**Description of the task**
Reproduce the records below exactly; the images should not appear.

**Given records**

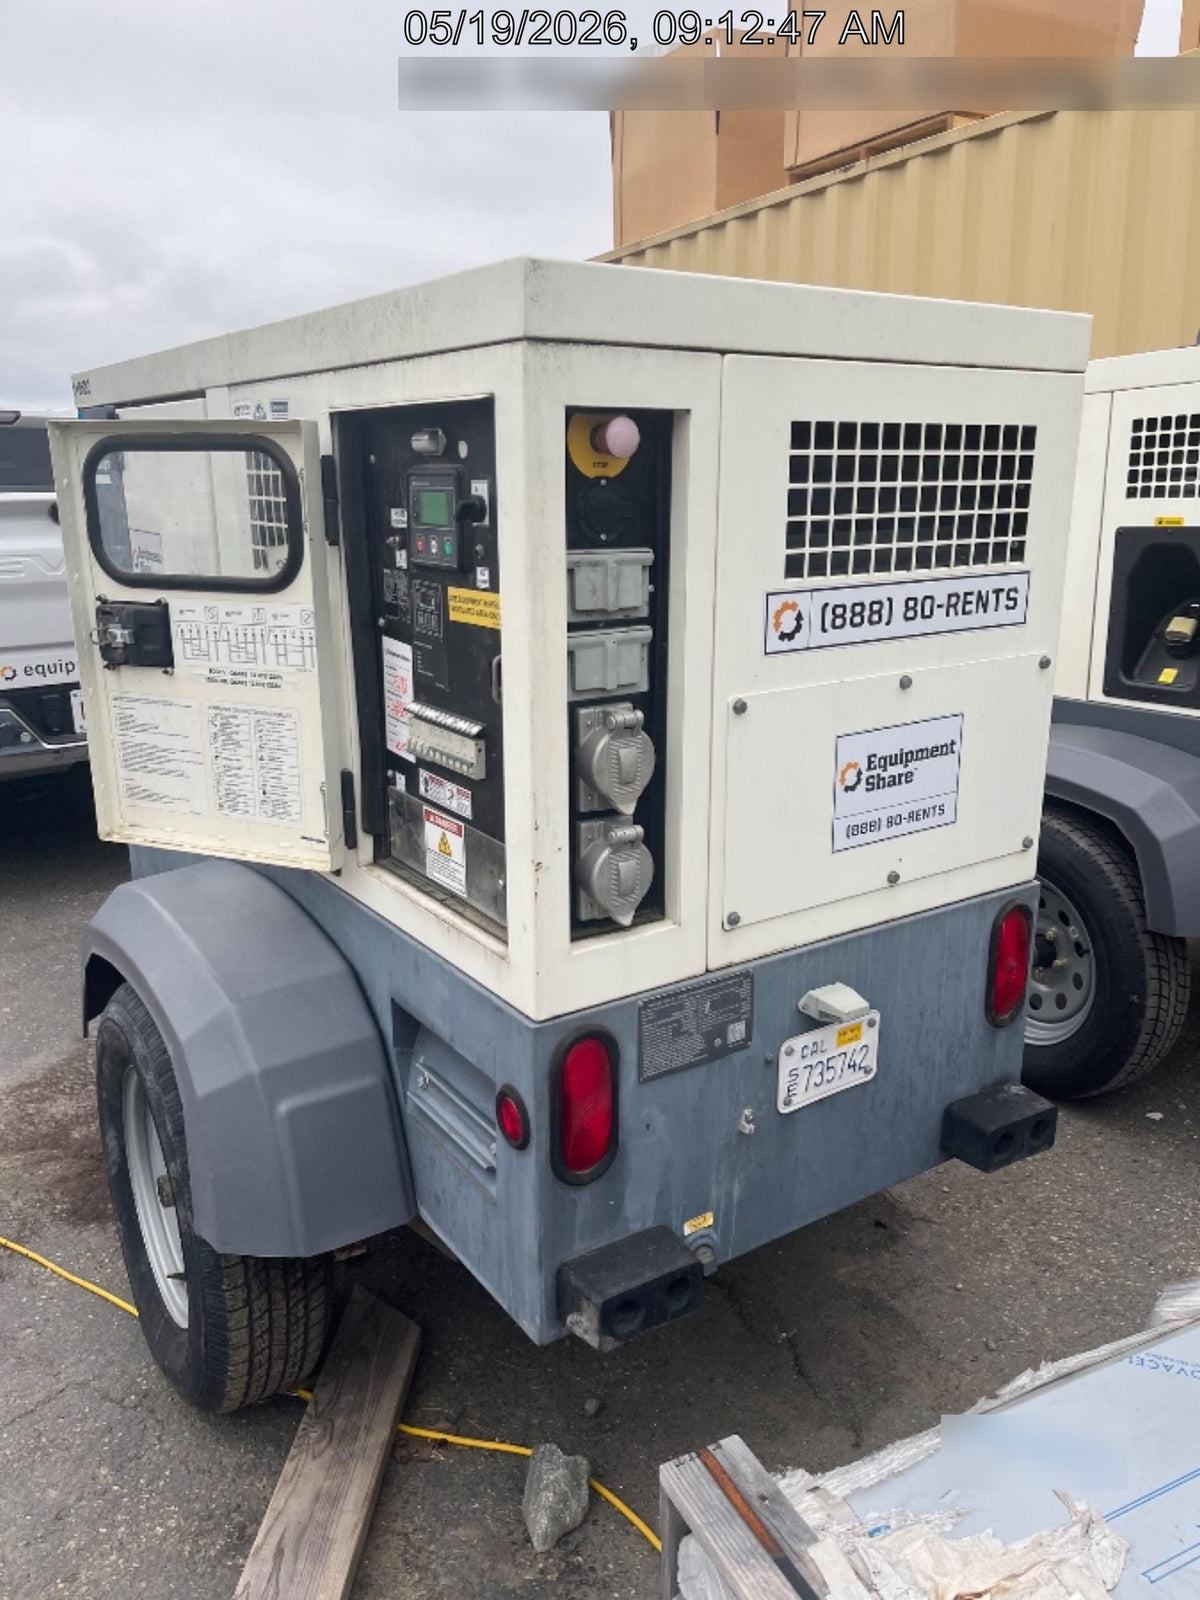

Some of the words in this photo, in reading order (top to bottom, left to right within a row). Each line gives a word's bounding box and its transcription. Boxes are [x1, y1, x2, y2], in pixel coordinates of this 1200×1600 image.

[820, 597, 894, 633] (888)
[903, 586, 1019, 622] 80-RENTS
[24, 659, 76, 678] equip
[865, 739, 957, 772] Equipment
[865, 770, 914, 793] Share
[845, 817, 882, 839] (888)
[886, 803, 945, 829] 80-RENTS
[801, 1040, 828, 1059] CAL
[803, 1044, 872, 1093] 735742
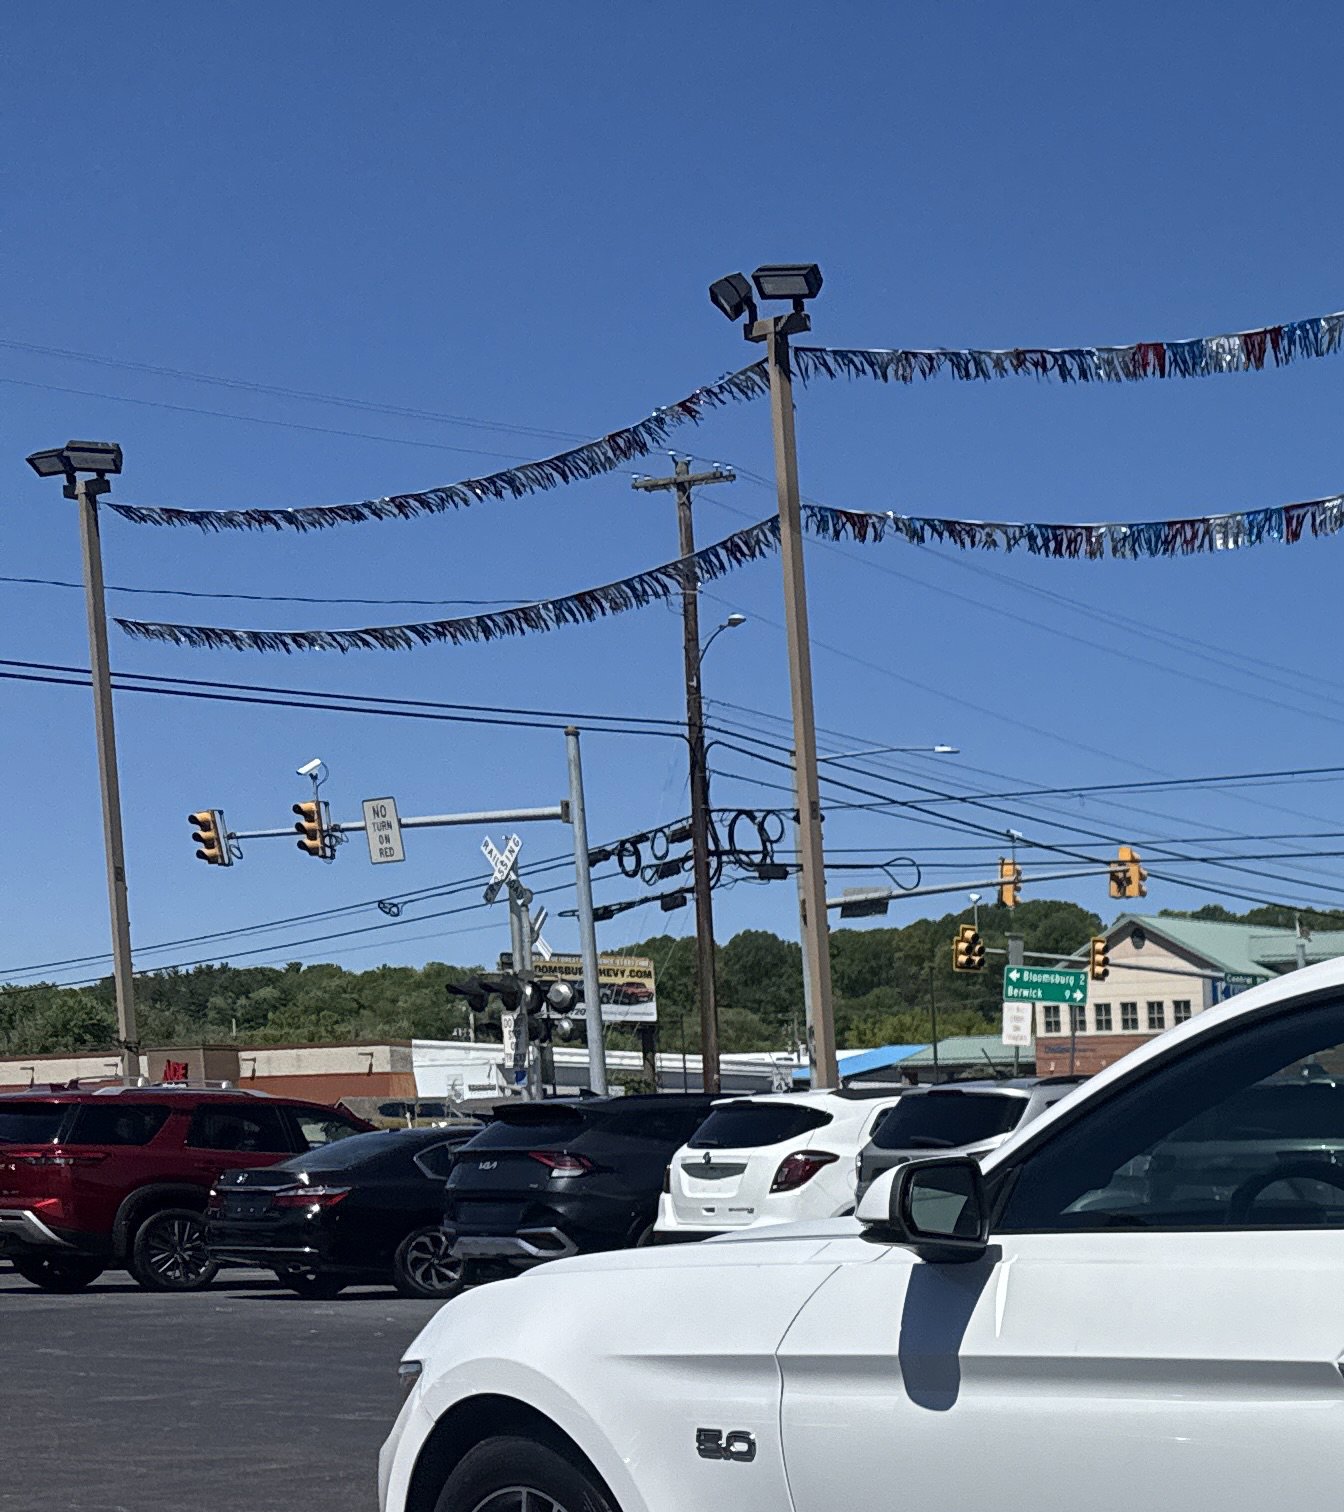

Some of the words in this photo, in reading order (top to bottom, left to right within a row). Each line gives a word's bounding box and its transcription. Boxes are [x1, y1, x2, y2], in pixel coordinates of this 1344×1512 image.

**Reply**
Some of the words in this photo, in reading order (top to bottom, left to right within a row). Each line gives a word's bounding box and its transcription. Boxes are [x1, y1, x2, y2], in pixel coordinates of this 1200×1600 image.

[820, 597, 894, 633] (888)
[903, 586, 1019, 622] 80-RENTS
[24, 659, 76, 678] equip
[865, 739, 957, 772] Equipment
[865, 770, 914, 793] Share
[845, 817, 882, 839] (888)
[886, 803, 945, 829] 80-RENTS
[801, 1040, 828, 1059] CAL
[803, 1044, 872, 1093] 735742

Some of the words in this photo, in reading order (top to bottom, left to right within a row). Each line gives a word's bounding box and its transcription. Boxes are [x1, y1, x2, y2], in pixel coordinates of this 1344×1512 image.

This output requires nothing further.